けれど置いていくのは心配でも、父親が間もなく来るのだ。来るまで留まっていたら気を使わせるだろう。深く関わるのもそれほど得意でもない。そんな事よりも不安だった巧の方の相手をしてほしい。やるべき事をやったのだから、それで区切りを付けた方が良い。
それが沙羅が出した結論だった。章はどう思っていたのかはわからないが、沙羅と同じように、父親が来るまで側にいる必要を感じていないようだ。

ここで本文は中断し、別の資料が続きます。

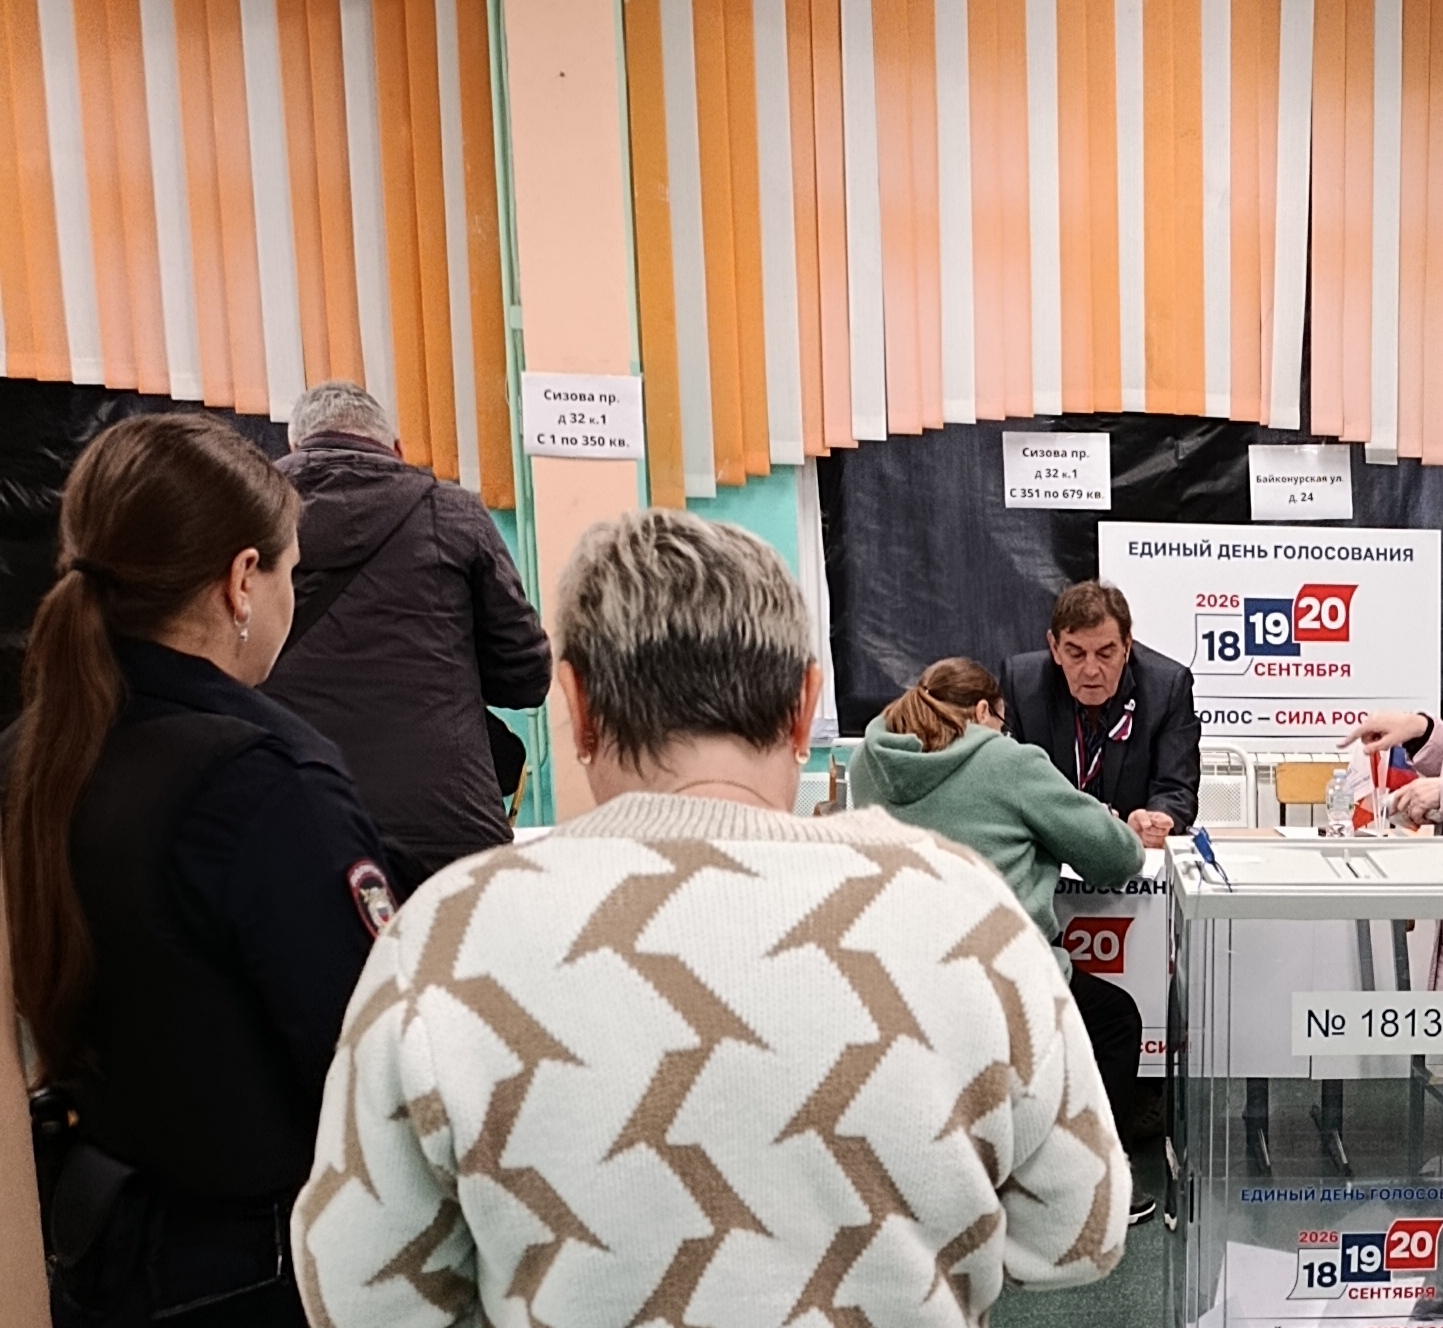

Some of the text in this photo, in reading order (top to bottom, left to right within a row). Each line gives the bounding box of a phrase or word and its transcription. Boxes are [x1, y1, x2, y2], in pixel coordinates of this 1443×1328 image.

会場へ出る通路を二人で並んで歩いていると、男性が一人走ってきている。
「あ、すみません、迷子が預けられている場所は……」
「あそこの扉ですよ」
沙羅が答えると、言葉少なに会釈をして、男性は焦った様子で扉へと駆け込んだ。
すぐに「巧!」と子供を呼ぶ声が聞こえてきた。
「よかったねぇ」
振り返って沙羅が笑った。
「うん」
章も同じように振り返って肯いた。
イベント会場へ戻る通路はもう目の前で終わる。後ろで巧の泣き声が聞こえた。
「やっぱり我慢してたんだね」
沙羅はクスクスと笑う。それから章を見上げた。
「今日は、ありがとう」
「いや、俺の方こそ……」
章が首の後ろを掻きながら少しだけ口ごもる。
少し長めの金色の髪が、手の動きに合わせてゆらゆらと揺れる。この一時間、それがすぐ側で見えたことが未だに不思議な気がする。
手を伸ばしたらこの髪に触れられるな、なんて考えながら、それを見つめる。
夢のような偶然のひとときだった。そして出来ることなら、もう少し一緒にいられたらな、と漠然と感じていた。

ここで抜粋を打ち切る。